Dans ces conditions, l'objectif de Bally (1951) consiste
à dépasser le cadre de l'abstraction pour passer à celui
de la langue parlée à savoir le langage affectif. C'est à
ce dernier niveau qu'il faut placer l'oeuvre littérature qui n'est,
selon le linguiste genevois, qu'une parole individuelle. Ce faisant, la
stylistique de l'expression semble être le cadre conceptuel
opératoire capable d'apporter des réponses aux problèmes
soulevés par les procédés de modalisation dans Michel
Strogoff. En effet, la stylistique de l'expression analyse les
procédés, les caractères affectifs des faits d'expression,
les moyens mis en oeuvre par la langue pour les produire. Cette stylistique
s'intéresse aussi aux relations existant entre ces faits et enfin
à l'ensemble du système expressif dont ils sont les
éléments. Ce concept opératoire nous permet ainsi
d'envisager un plan en trois parties.
La première partie intitulée approche
théorique de la modalisation comporte deux chapitres. Dans le
premier, il sera question de lever un pan de voile sur les termes et concepts
employés dans les travaux de modalisation. Au deuxième chapitre,
nous essayerons de voir si les modalités énonciatives doivent
être considérées comme des procédés de
modalisation ou des marques de la communication intersubjective. En fait, ces
modalités sont au centre d'une vive controverse, c'est pourquoi nous
tenterons de voir si elles méritent d'être étudiées
dans notre corpus en tant que procédés de modalisation.

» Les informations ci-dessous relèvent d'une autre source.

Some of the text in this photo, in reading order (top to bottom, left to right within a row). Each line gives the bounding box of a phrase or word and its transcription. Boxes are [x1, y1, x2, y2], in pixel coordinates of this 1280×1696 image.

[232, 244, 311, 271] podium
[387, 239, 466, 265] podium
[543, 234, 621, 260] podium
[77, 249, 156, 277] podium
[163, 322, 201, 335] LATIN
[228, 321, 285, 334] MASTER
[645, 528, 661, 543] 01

Dans la deuxième partie, nous étudierons les
jugements de fait et de valeur dans Michel Strogoff. Le
chapitre troisième nous permettra de nous intéresser aux
modalités d'énoncé, à leur fonctionnement, à
leur impact en tant que faits d'expression. Le chapitre quatrième, quant
à lui, portera sur la modalisation axiologique des
référents humains dans notre corpus. On verra de ce fait que la
description des personnages dans notre support d'étude n'est pas un fait
du hasard et que son étude revêt une grande importance dans la
compréhension de l'oeuvre.
La troisième partie portera sur l'analyse de la
modalisation comme une stratégie de mise en valeur et d'argumentation.
Au cinquième chapitre, nous étudierons comment les marquages
typographiques et les commentaires métalinguistiques permettent de
mettre en exergue des éléments apparemment sans valeur, mais qui
sont très significatifs et expressifs. Le sixième chapitre
s'intéressera aux différentes stratégies argumentatives
que Jules Verne emploie pour gagner le lecteur à sa cause.